Pesquisa da Universidade Yale
Realizada por pesquisadores da Escola de Medicina da Universidade Yale, a pesquisa foi feita em camundongos e pode trazer novas perspectivas sobre diversas doenças cardíacas, incluindo insuficiência cardíaca, infarto e arritmias. Até então, pouco se sabia sobre a função específica de cada neurônio no coração, que são extremamente raros, correspondendo a apenas 0,01% das células do tecido cardíaco.
O Sistema Nervoso Cardíaco Intrínseco
O coração possui uma rede neuronal chamada sistema nervoso cardíaco intrínseco, semelhante ao que encontramos no intestino. Essas células estão dispersas pelo tecido cardíaco e se comunicam tanto entre si quanto com o cérebro, desempenhando funções essenciais para o funcionamento do órgão.
Estudo dos Neurônios Cardíacos
Para aprofundar a compreensão sobre essa rede, os pesquisadores modificaram geneticamente os camundongos para mapear os neurônios cardíacos e identificar os diferentes grupos celulares. Assim, descobriram duas categorias principais com funções distintas. A primeira, conhecida como Npy+, é vital para a manutenção dos batimentos cardíacos.
Quando os neurônios Npy+ eram estimulados, a frequência cardíaca dos camundongos diminuía, enquanto a sua remoção resultava em insuficiência cardíaca e morte dos animais. Esses achados ressaltam a importância desse grupo para a funcionalidade do coração.
Reação do Coração ao Estresse
O segundo grupo de neurônios, chamado Ddah1+, inicialmente não mostrava efeitos perceptíveis quando ativado ou eliminado. Contudo, uma observação feita durante a pesquisa revelou um dado surpreendente: a morte de camundongos sem esses neurônios em situações de estresse.
Durante a medição da pressão arterial, um dos pesquisadores percebeu que um camundongo sem os neurônios Ddah1+ morreu rapidamente. A equipe, ao repetir a experiência, concluiu que cerca de dois terços dos animais sem esses neurônios faleceram em situações estressantes. Rui Chang, neurocientista e coautor do estudo, explicou que uma queda abrupta na frequência cardíaca precedia a morte do animal, sem nunca se recuperar.
Somente quando os neurônios Ddah1+ eram estimulados, os camundongos demonstravam maior resistência e sobrevivência em circunstâncias adversas.
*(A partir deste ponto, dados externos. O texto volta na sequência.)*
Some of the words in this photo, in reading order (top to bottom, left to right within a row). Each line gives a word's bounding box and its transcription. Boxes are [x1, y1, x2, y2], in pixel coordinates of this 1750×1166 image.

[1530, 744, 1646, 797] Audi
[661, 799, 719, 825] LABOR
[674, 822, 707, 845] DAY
Isso sugere que essas células atuam como um mecanismo de proteção contra estresse intenso.
Implicações da Descoberta
Ainda que a pesquisa tenha sido realizada em camundongos, os cientistas apontam que os genes identificados nos neurônios cardíacos desses animais também estão presentes em células cardíacas humanas. Isso indica a possibilidade de mecanismos semelhantes em seres humanos.
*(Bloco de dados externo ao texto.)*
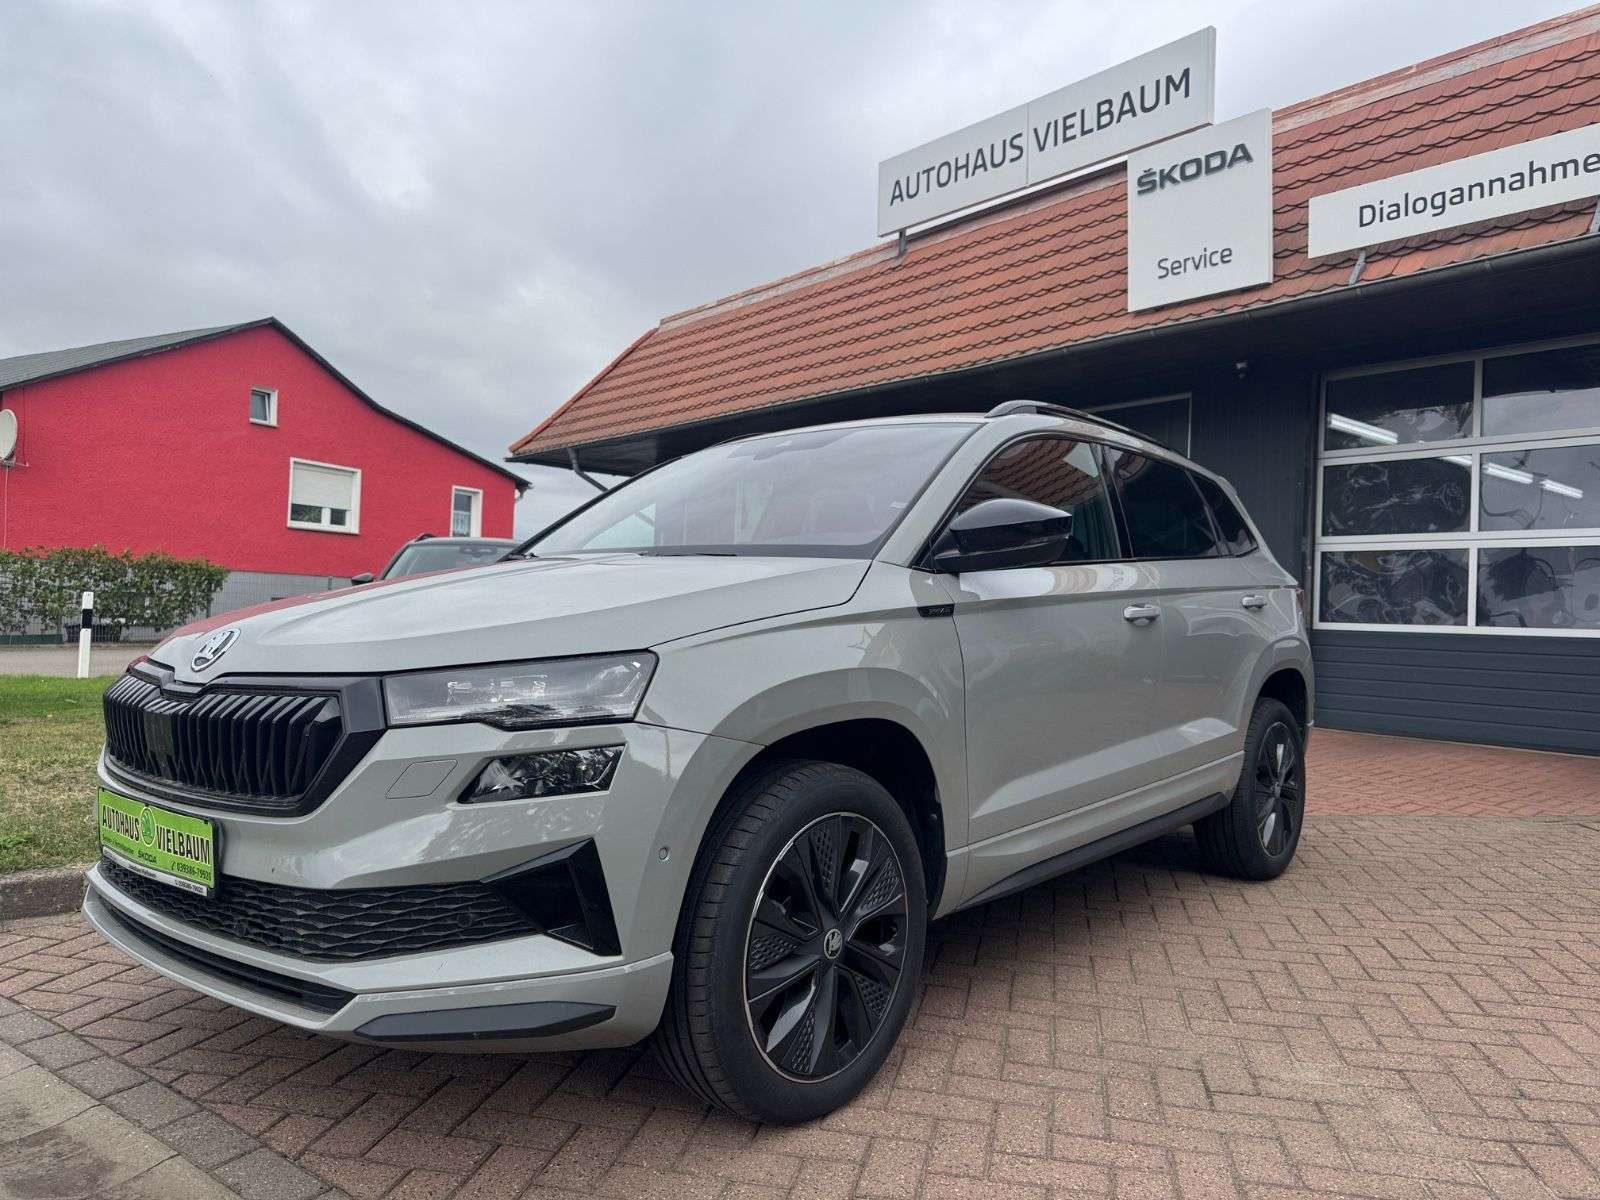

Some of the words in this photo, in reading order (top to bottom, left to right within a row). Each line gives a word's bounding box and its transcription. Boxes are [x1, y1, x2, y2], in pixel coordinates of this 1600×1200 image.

[889, 132, 1025, 207] AUTOHAUS
[1033, 67, 1191, 153] VIELBAUM
[1136, 142, 1254, 197] ŠKODA
[1358, 152, 1600, 229] Dialogannahme
[1157, 246, 1233, 280] Service
[102, 805, 140, 842] AUTOHAUS
[156, 825, 210, 864] VIELBAUM
Compreender melhor o sistema nervoso cardíaco é crucial, pois está ligado a condições como infarto, insuficiência cardíaca e arritmias. Atualmente, alguns tratamentos, como a ablação cardíaca, já atuam indiretamente sobre essa rede neuronal. No entanto, aprofundar o conhecimento sobre a função dessas células poderá aprimorar essas terapias e possibilitar o desenvolvimento de novas abordagens para o tratamento de problemas cardíacos.